=== Begin Enclosure ===
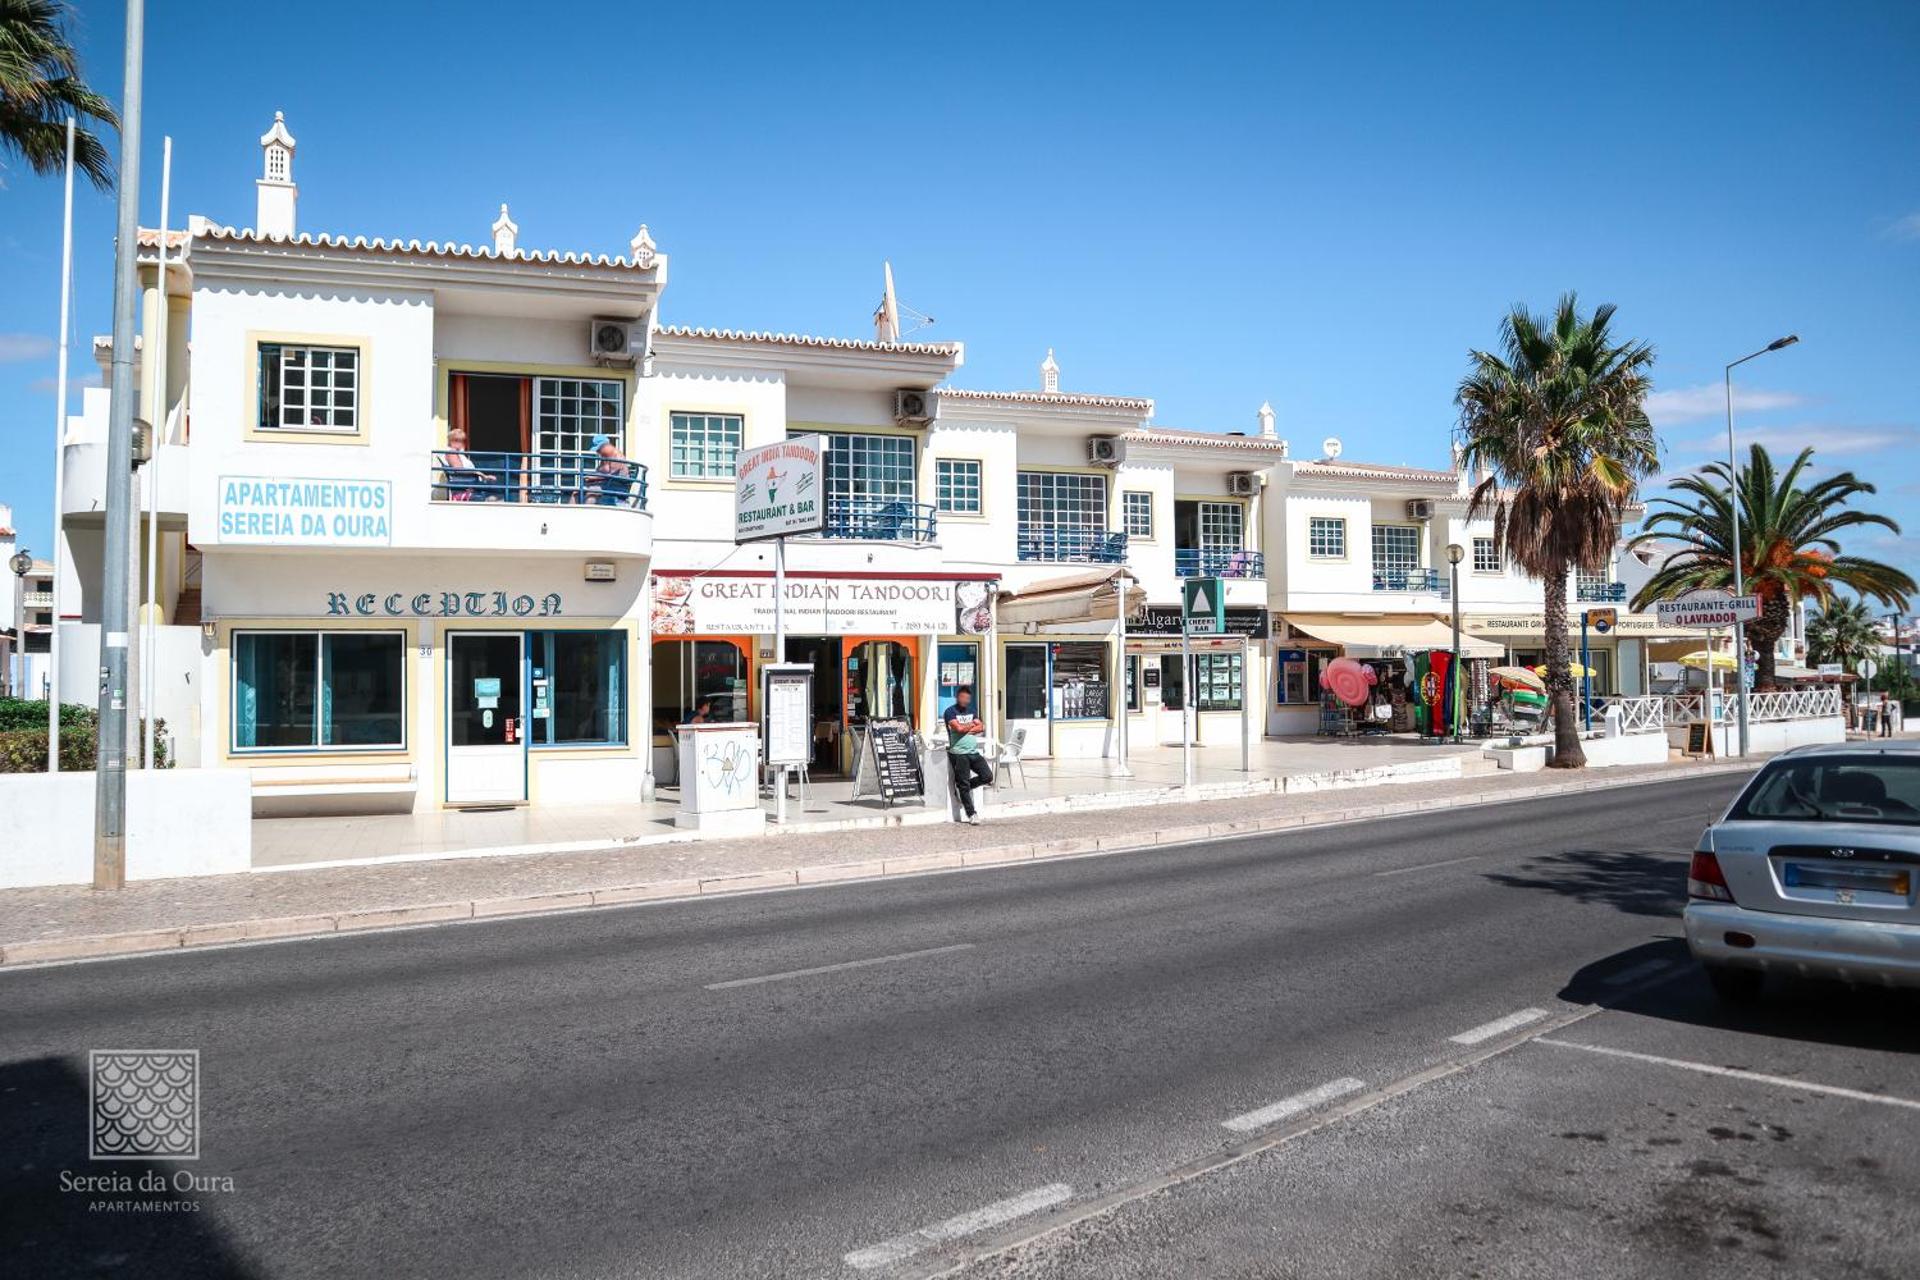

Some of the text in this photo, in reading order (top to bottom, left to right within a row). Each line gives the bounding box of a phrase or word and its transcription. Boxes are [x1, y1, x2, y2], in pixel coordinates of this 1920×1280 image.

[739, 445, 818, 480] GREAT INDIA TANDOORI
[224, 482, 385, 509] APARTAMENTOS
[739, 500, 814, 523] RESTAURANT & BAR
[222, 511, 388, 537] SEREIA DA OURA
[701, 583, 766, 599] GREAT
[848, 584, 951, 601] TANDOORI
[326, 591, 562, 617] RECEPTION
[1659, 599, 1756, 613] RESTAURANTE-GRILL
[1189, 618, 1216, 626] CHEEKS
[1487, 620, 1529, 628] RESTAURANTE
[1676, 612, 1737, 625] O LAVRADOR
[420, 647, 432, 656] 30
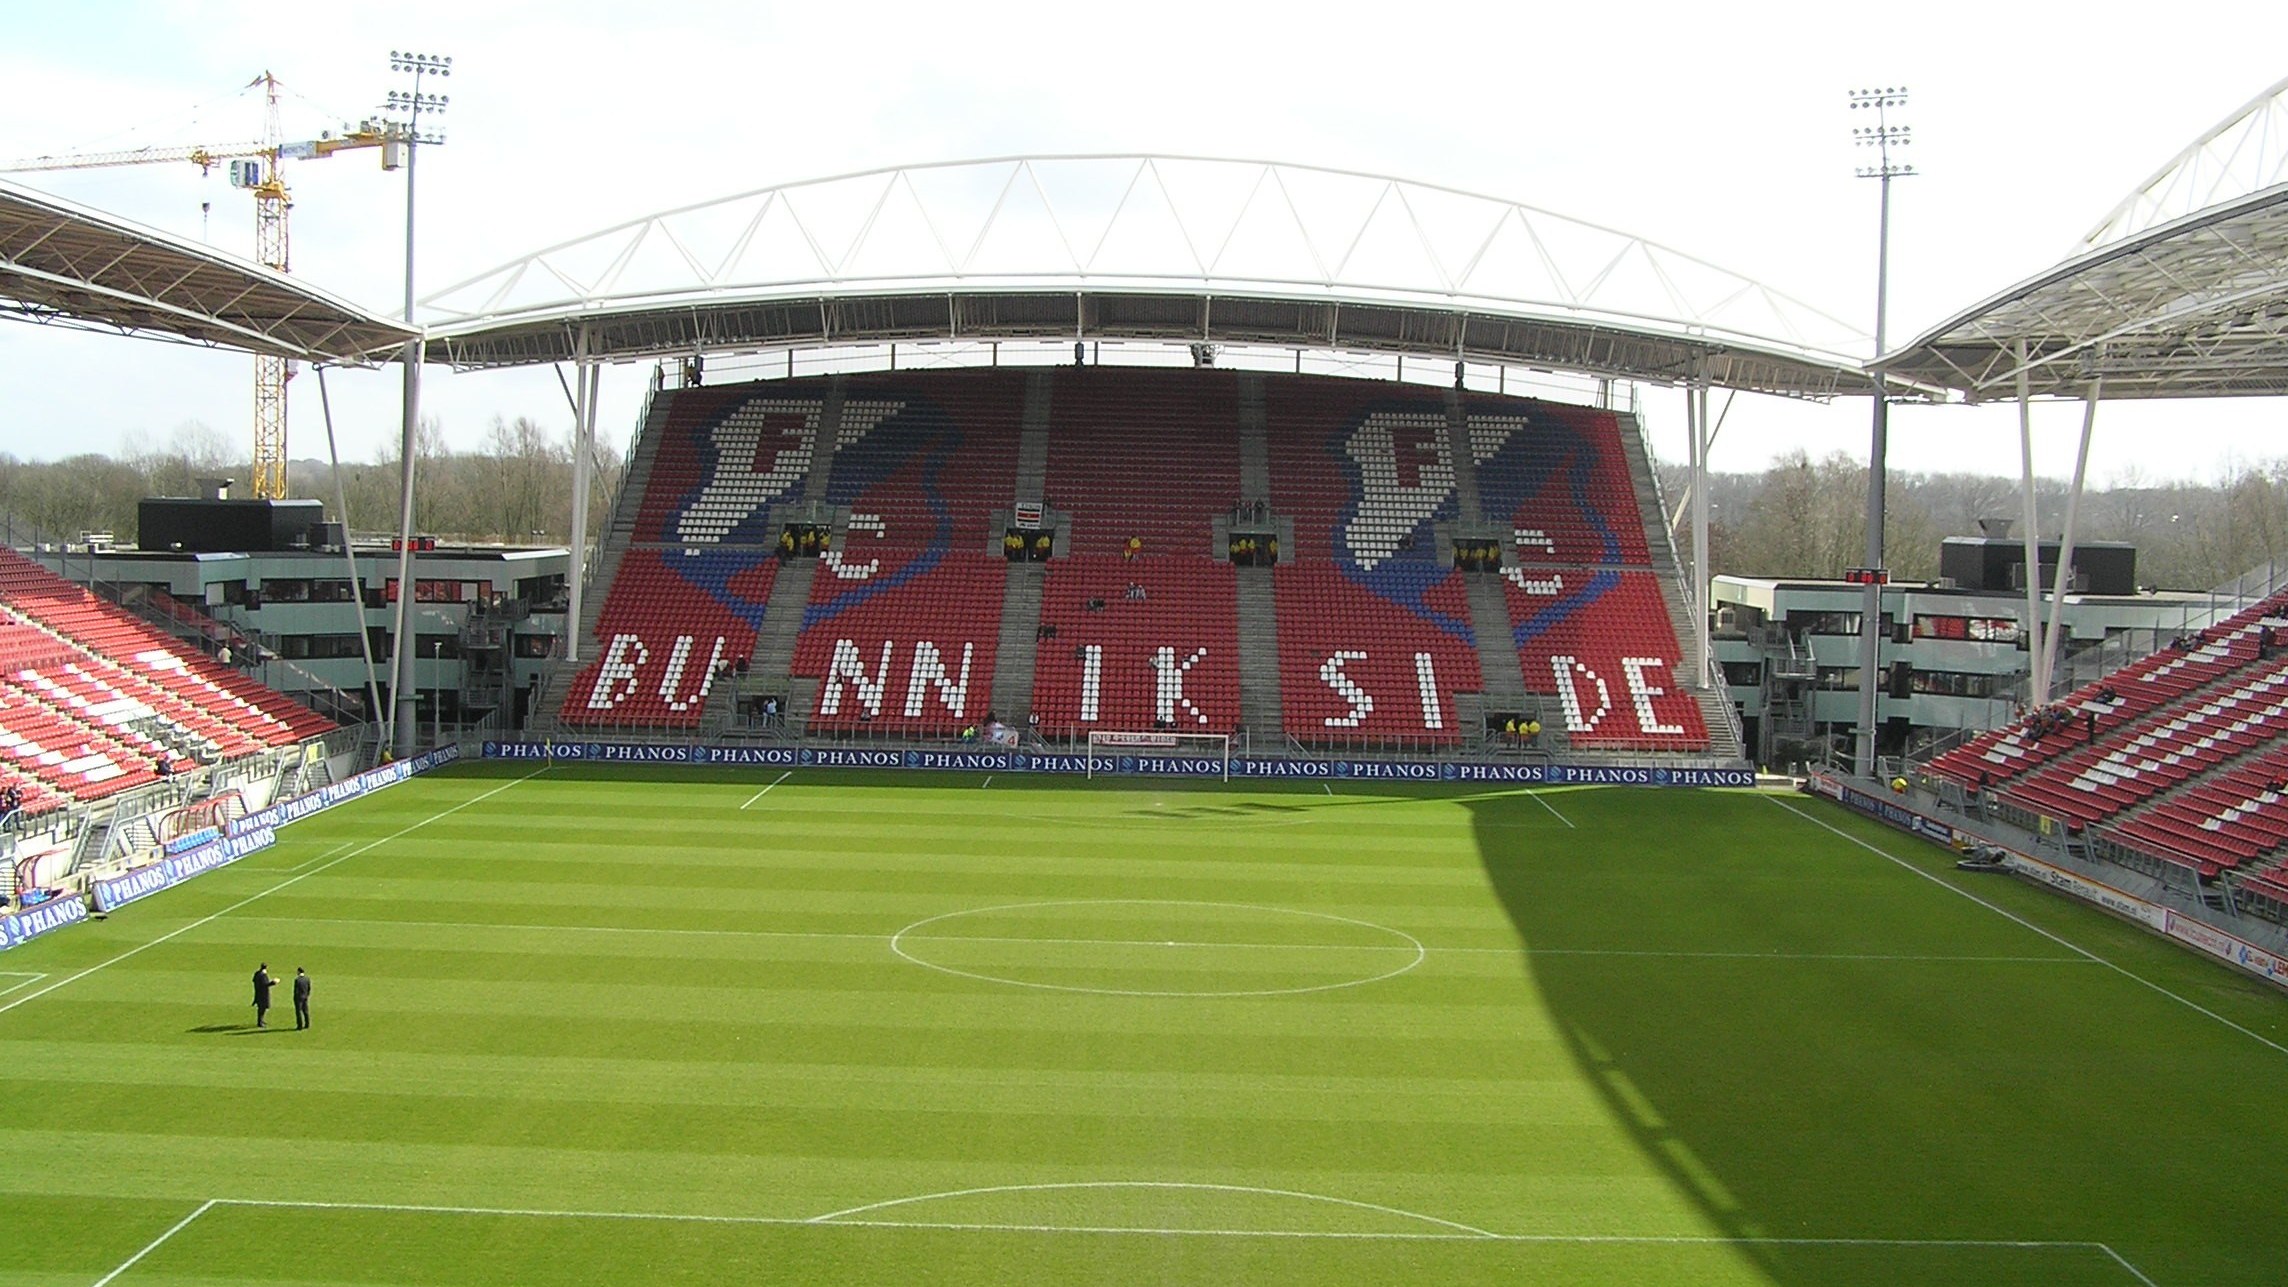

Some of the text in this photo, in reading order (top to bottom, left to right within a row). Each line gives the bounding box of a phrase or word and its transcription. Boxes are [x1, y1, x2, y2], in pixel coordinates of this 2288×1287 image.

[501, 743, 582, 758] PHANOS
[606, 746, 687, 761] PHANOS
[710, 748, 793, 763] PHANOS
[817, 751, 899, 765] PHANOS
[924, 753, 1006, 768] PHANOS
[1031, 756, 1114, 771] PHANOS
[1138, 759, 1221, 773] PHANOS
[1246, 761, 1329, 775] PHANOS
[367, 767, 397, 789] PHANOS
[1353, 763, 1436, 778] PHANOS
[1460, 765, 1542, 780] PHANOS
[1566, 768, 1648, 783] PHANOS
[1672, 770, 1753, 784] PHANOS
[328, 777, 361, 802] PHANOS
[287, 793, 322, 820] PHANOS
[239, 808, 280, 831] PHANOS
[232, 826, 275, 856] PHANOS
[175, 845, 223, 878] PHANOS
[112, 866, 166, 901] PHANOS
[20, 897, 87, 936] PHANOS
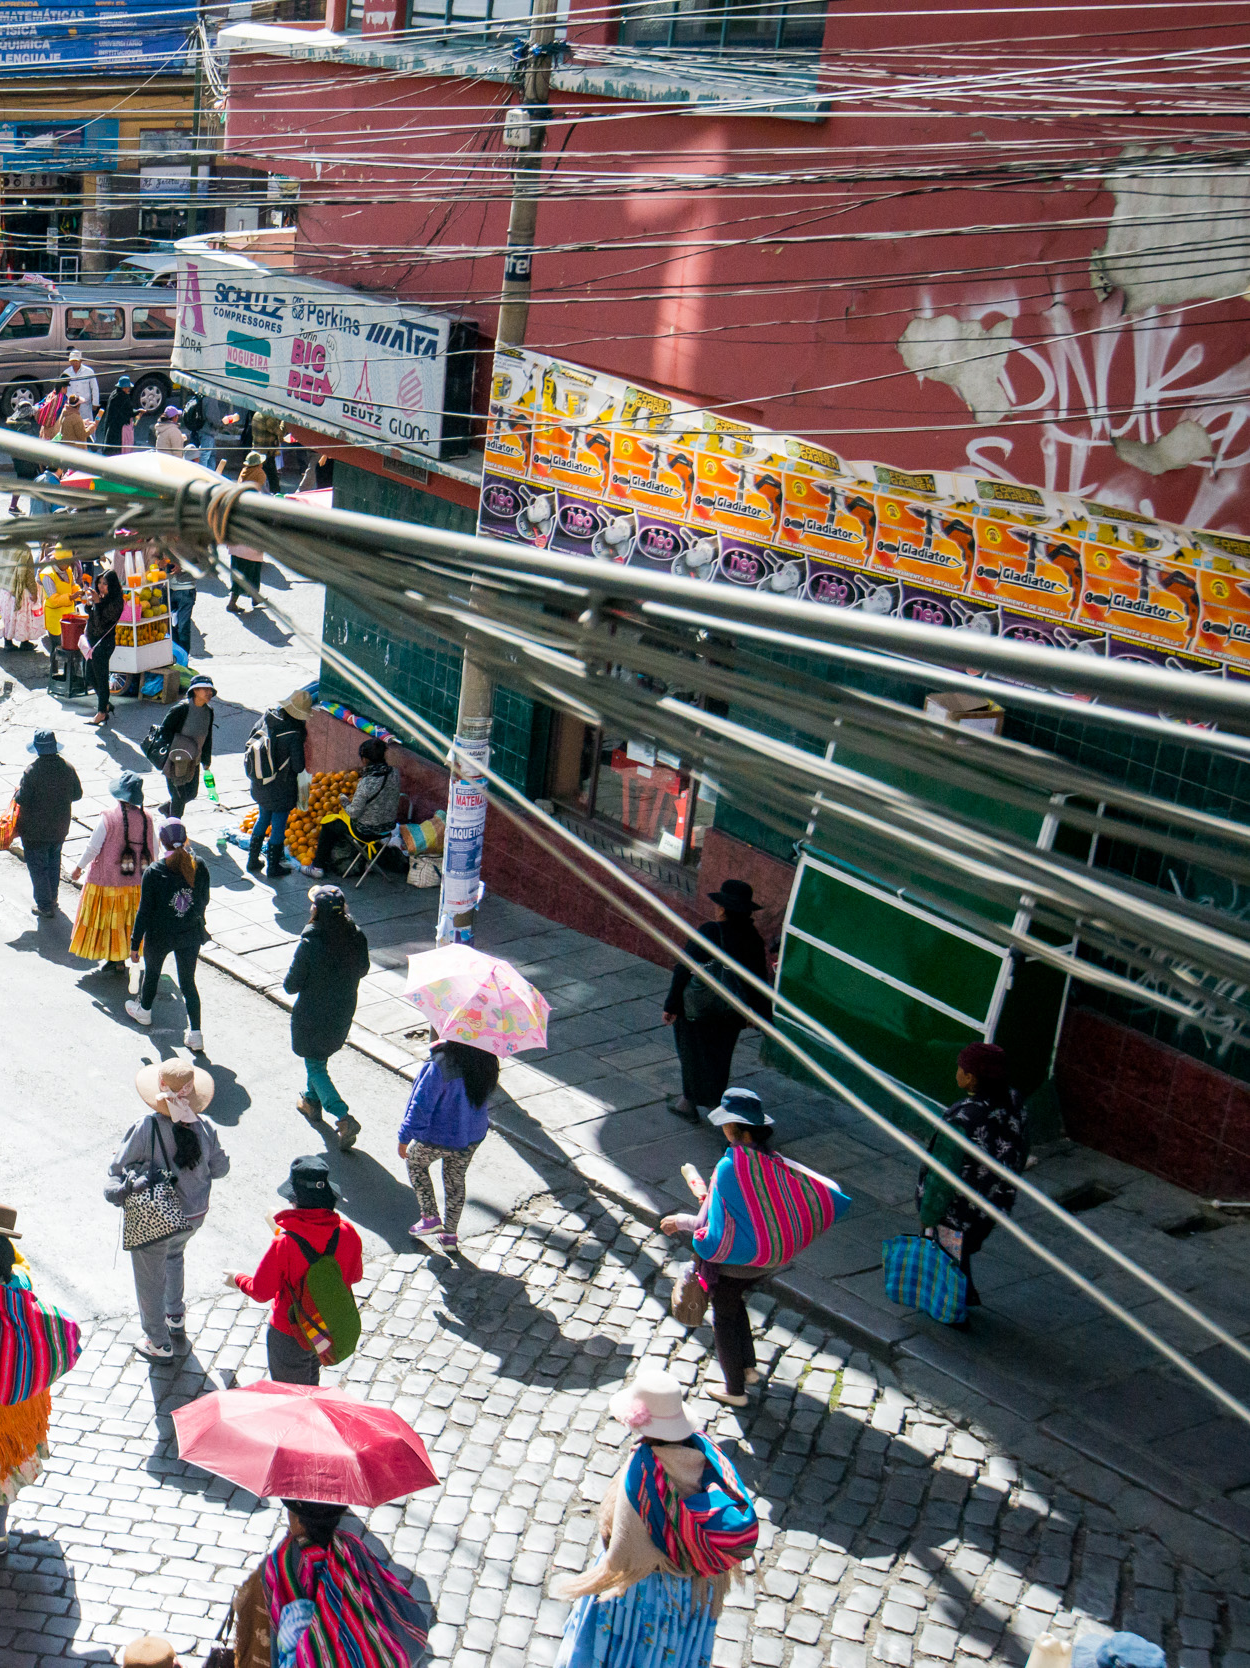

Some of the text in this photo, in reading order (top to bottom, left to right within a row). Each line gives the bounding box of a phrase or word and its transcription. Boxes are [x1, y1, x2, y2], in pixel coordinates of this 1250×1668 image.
=== End Enclosure ===
Quote the preceding records in their entirety, excluding every picture.

#### ANSWER FOR THE TASK
Some of the text in this photo, in reading order (top to bottom, left to right within a row). Each line gives the bounding box of a phrase or word and its transcription. Boxes are [x1, y1, x2, y2], in pixel coordinates of this 1920×1280 image.

[739, 445, 818, 480] GREAT INDIA TANDOORI
[224, 482, 385, 509] APARTAMENTOS
[739, 500, 814, 523] RESTAURANT & BAR
[222, 511, 388, 537] SEREIA DA OURA
[701, 583, 766, 599] GREAT
[848, 584, 951, 601] TANDOORI
[326, 591, 562, 617] RECEPTION
[1659, 599, 1756, 613] RESTAURANTE-GRILL
[1189, 618, 1216, 626] CHEEKS
[1487, 620, 1529, 628] RESTAURANTE
[1676, 612, 1737, 625] O LAVRADOR
[420, 647, 432, 656] 30

Some of the text in this photo, in reading order (top to bottom, left to right within a row). Each line gives the bounding box of a phrase or word and its transcription. Boxes are [x1, y1, x2, y2], in pixel coordinates of this 2288×1287 image.

[501, 743, 582, 758] PHANOS
[606, 746, 687, 761] PHANOS
[710, 748, 793, 763] PHANOS
[817, 751, 899, 765] PHANOS
[924, 753, 1006, 768] PHANOS
[1031, 756, 1114, 771] PHANOS
[1138, 759, 1221, 773] PHANOS
[1246, 761, 1329, 775] PHANOS
[367, 767, 397, 789] PHANOS
[1353, 763, 1436, 778] PHANOS
[1460, 765, 1542, 780] PHANOS
[1566, 768, 1648, 783] PHANOS
[1672, 770, 1753, 784] PHANOS
[328, 777, 361, 802] PHANOS
[287, 793, 322, 820] PHANOS
[239, 808, 280, 831] PHANOS
[232, 826, 275, 856] PHANOS
[175, 845, 223, 878] PHANOS
[112, 866, 166, 901] PHANOS
[20, 897, 87, 936] PHANOS

Some of the text in this photo, in reading order (top to bottom, left to right within a row). Each line gives the bounding box of a phrase or word and its transcription. Boxes are [x1, y1, x2, y2], in pixel coordinates of this 1250×1668 image.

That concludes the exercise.